**Task material**
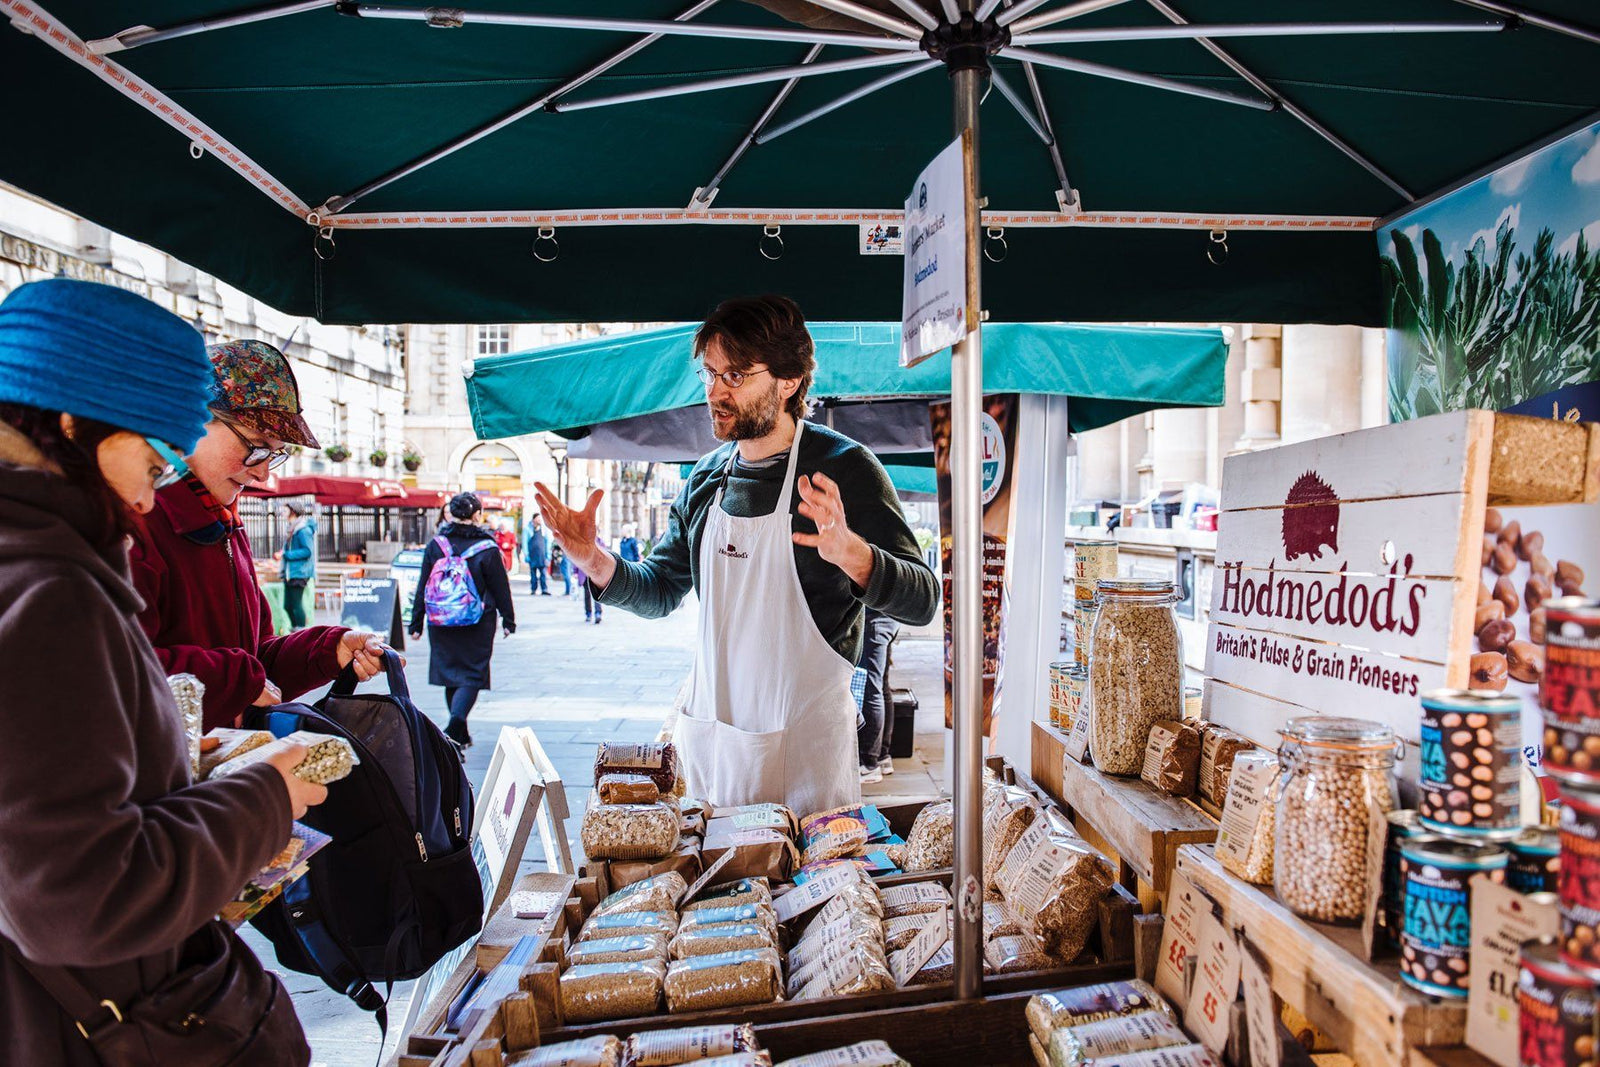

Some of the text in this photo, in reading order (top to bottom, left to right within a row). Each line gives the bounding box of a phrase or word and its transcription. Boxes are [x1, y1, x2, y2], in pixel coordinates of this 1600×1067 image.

[1220, 553, 1427, 637] Hodmedod's
[1216, 632, 1420, 697] Britain's Pulse & Grain Pioneers
[1405, 894, 1470, 929] FAVA
[1203, 991, 1218, 1024] £5
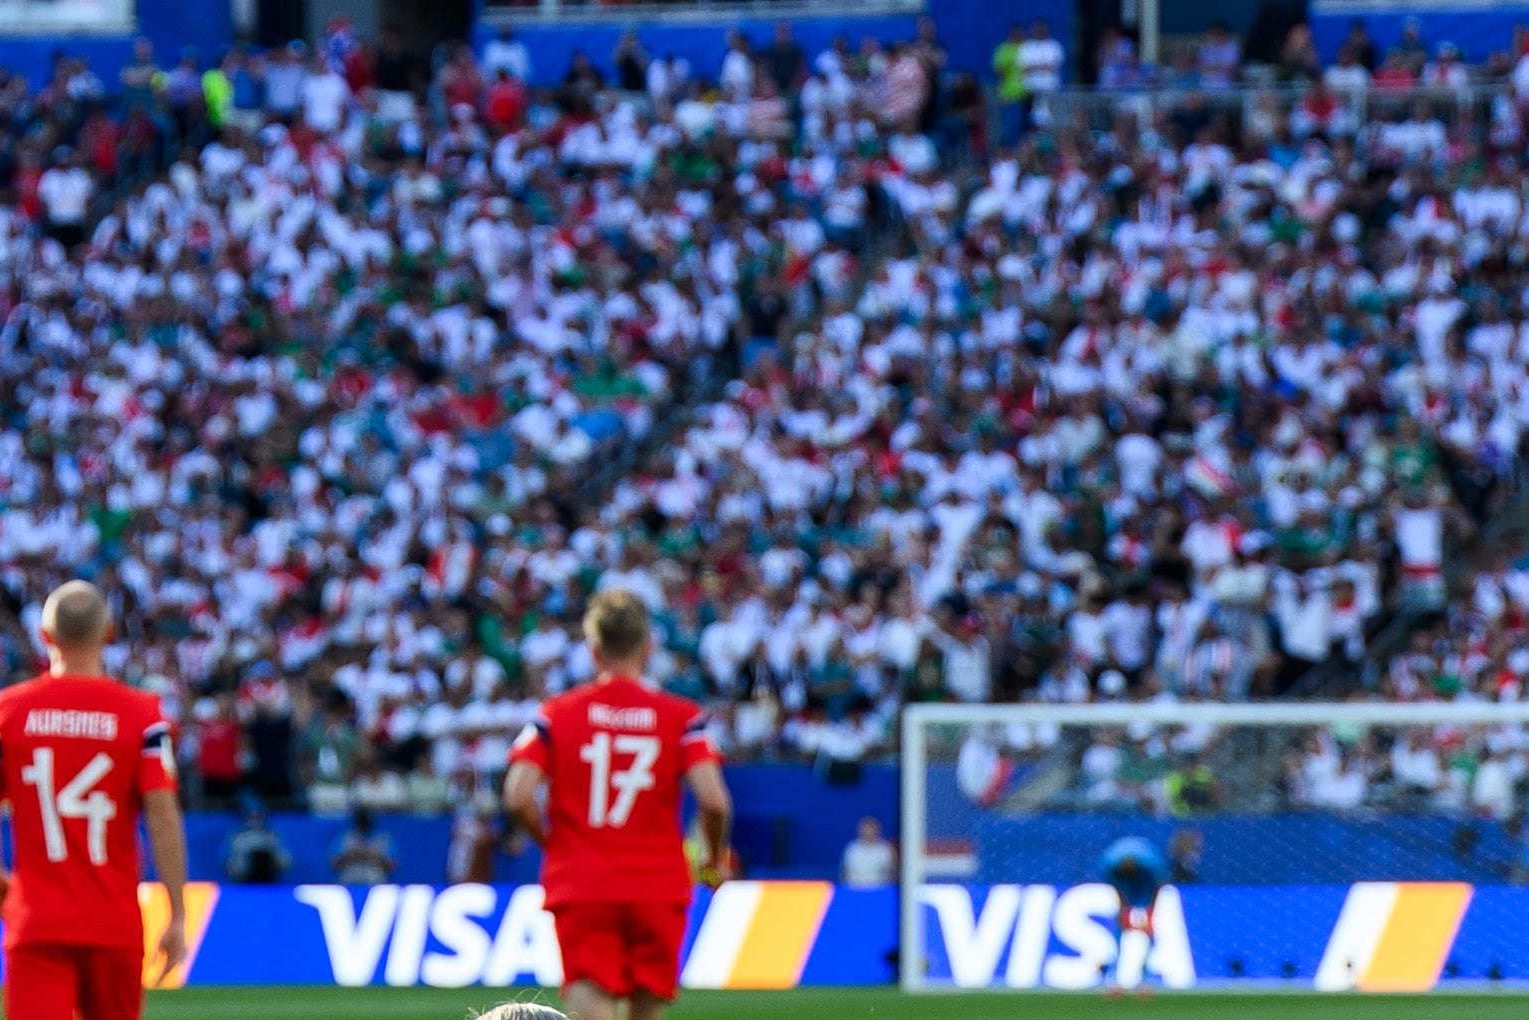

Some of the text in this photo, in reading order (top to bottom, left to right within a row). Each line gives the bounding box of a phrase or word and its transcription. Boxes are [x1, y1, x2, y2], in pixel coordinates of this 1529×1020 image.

[21, 746, 117, 866] 14
[579, 731, 661, 828] 17
[294, 883, 566, 987] VISA

**Problem requirements**
Return, word for word, the line containing "this 1529×1020 image." and all lines after it through the last line of the records, and nothing else.

**Exercise result**
Some of the text in this photo, in reading order (top to bottom, left to right within a row). Each line gives the bounding box of a phrase or word and its transcription. Boxes are [x1, y1, x2, y2], in pixel coordinates of this 1529×1020 image.

[21, 746, 117, 866] 14
[579, 731, 661, 828] 17
[294, 883, 566, 987] VISA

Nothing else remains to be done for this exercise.